Atlas search investigation

There are several approaches to integrate searching within Apache Atlas, we describe multiple options below:

  • Use REST API’s

Directly using the Atlas API’s is quick to implement and easy to setup for administrators. Atlas uses a search engine underwater (embedded Solr) to perform search queries, thus in theory this method should scale up. Disadvantages are that we are limited to the REST api that Atlas offers, we could potentially add functionality via pull requests and extend the search capabilities. The advanced search provides a DSL which contains basic forms of aggregation and arithmetic.

  • Use Data Builder to fill Elasticsearch from Atlas

Adopting Atlas within the Data Builder to fill Elasticsearch is a relatively straightforward way of staying compatible with the Neo4j database. It could either be pulling data from Atlas or being pushed by Kafka. This method requires a setup of Elasticsearch and Airflow, which increases the amount of infrastructure and maintenance. Another disadvantage is that with a big inflow of metadata this method might not scale as well as the other methods.
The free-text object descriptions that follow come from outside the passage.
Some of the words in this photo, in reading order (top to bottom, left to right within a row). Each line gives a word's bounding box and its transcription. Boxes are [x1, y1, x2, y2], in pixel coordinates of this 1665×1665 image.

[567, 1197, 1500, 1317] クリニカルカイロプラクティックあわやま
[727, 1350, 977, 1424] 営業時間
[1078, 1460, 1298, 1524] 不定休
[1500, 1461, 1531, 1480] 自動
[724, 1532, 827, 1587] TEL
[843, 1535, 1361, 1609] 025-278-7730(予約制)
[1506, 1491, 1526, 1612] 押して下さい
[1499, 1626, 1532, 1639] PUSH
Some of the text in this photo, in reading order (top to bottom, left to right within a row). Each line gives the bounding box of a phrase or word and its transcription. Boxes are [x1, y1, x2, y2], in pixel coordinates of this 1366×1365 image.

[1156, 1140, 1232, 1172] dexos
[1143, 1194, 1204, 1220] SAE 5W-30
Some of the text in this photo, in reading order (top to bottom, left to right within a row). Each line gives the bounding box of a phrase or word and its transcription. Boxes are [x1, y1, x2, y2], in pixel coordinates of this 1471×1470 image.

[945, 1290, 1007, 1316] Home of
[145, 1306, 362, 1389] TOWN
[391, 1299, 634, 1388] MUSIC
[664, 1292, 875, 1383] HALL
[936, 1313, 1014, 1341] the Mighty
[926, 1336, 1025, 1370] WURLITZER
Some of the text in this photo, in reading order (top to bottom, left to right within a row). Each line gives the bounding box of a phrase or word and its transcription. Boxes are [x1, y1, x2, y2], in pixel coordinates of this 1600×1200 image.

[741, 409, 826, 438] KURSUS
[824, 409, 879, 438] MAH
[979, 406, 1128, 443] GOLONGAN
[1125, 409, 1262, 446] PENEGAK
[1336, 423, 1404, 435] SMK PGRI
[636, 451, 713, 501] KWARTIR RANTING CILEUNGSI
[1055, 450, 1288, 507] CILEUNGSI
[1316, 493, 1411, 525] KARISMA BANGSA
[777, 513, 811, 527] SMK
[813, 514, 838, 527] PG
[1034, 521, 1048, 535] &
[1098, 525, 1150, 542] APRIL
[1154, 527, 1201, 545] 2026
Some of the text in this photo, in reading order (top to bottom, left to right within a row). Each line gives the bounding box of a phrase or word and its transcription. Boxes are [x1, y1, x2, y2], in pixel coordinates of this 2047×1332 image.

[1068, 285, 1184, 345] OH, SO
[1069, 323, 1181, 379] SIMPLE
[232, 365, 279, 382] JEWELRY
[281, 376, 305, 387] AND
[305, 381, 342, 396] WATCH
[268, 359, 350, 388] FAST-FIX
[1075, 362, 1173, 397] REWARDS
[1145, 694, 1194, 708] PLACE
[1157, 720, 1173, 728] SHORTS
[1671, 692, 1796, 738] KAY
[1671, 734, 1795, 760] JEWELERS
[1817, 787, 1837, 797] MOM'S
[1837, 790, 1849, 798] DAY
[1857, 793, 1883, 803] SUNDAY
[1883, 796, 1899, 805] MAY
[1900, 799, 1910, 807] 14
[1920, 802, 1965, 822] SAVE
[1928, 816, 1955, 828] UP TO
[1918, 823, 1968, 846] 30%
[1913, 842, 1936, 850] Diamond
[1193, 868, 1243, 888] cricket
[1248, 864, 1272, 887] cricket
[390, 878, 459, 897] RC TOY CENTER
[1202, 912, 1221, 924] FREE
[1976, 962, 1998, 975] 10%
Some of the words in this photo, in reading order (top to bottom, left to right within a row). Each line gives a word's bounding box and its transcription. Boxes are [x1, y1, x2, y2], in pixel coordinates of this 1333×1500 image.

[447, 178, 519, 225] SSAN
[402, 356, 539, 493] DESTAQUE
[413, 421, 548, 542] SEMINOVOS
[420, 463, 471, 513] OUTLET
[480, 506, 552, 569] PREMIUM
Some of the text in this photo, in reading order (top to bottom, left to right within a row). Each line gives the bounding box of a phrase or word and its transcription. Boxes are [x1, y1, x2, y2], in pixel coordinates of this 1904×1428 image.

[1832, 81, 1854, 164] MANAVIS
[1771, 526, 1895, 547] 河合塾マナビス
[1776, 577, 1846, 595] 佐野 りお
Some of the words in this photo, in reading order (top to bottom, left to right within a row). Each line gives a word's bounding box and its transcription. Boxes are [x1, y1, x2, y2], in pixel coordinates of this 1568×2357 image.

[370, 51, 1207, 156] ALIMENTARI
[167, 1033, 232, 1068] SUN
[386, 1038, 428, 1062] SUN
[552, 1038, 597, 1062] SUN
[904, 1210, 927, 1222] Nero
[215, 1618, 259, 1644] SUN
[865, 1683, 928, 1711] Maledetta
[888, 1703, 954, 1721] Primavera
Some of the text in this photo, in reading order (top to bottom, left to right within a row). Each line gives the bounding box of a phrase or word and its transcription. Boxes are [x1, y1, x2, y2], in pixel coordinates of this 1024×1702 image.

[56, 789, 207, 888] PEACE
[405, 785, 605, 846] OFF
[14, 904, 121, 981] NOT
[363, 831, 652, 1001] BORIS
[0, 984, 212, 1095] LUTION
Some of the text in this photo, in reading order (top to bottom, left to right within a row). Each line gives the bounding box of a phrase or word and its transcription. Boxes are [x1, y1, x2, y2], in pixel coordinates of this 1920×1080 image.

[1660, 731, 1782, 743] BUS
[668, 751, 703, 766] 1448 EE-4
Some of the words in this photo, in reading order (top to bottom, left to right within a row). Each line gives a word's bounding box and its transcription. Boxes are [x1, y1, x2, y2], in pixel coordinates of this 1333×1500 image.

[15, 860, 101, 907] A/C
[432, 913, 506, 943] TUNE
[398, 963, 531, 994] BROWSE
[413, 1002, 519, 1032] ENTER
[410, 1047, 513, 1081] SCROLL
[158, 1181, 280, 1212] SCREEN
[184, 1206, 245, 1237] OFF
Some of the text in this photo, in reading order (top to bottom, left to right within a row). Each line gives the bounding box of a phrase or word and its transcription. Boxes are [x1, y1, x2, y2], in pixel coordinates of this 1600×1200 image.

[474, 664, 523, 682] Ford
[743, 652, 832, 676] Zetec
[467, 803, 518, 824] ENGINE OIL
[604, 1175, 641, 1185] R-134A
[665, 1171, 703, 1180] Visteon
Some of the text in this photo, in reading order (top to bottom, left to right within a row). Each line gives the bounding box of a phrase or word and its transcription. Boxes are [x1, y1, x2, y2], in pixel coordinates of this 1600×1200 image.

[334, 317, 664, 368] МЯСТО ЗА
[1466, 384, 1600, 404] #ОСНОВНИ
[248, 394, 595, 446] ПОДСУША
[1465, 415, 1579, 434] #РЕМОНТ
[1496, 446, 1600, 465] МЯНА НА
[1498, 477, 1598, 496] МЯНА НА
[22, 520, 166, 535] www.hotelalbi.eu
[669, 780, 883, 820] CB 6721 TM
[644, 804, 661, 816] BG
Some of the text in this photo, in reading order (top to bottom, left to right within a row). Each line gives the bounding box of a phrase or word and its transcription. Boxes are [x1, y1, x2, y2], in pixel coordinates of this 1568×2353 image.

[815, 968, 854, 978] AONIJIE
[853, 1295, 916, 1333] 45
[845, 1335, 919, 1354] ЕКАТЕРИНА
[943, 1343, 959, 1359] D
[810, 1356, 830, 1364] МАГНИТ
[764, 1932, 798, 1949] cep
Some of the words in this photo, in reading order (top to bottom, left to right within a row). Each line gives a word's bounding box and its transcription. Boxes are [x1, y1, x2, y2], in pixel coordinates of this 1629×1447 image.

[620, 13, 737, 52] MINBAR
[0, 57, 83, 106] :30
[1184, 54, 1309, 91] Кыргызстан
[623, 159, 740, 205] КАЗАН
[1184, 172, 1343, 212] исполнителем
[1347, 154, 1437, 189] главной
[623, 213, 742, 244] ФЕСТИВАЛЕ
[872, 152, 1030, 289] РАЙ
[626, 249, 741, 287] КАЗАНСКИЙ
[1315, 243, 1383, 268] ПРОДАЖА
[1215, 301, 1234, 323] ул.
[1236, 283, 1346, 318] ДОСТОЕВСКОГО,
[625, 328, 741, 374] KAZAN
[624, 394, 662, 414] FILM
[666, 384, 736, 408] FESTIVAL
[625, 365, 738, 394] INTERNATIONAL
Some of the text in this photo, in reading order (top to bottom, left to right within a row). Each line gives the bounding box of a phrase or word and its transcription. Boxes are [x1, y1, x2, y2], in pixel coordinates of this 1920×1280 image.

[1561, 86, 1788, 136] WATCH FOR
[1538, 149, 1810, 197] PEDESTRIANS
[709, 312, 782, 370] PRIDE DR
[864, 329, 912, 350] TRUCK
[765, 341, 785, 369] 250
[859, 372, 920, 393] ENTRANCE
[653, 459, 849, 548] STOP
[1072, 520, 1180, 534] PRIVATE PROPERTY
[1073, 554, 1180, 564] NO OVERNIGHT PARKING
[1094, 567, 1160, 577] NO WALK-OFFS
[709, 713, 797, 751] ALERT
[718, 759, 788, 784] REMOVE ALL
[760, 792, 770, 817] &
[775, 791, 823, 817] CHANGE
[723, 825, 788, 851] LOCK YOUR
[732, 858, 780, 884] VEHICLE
  • Use underlying Solr or Elasticsearch from Apache Atlas

Within Atlas there is the possibility to open up either Solr or the experimental Elasticsearch. It depends on janusgraph (the behind the scenes graph database) which populates the search engine. Therefore the search engine would not be compatible with the data builder setup. Adoption of such a search engine would require either new queries, some kind of transformer within the search engine, or changes within Atlas itself.

Discussion

Both the REST API approach and the data builder approach can be implemented and be configurable. Both approaches have their own benefits, the data builder together provides a more fine-tuned search whereas the Atlas REST API comes out of the box with Atlas. The last approach of using the underlying search engine from Atlas provides direct access to all the meta data with a decent search API. However, integration would be less straight forward as the indexes would differ from the data builders search engine loader.

The focus is initially to implement the REST API approach and afterwards potentially implement an Atlas data extractor and importer within the Amundsen Data Builder. So that administrators have more flexibility in combining data sources.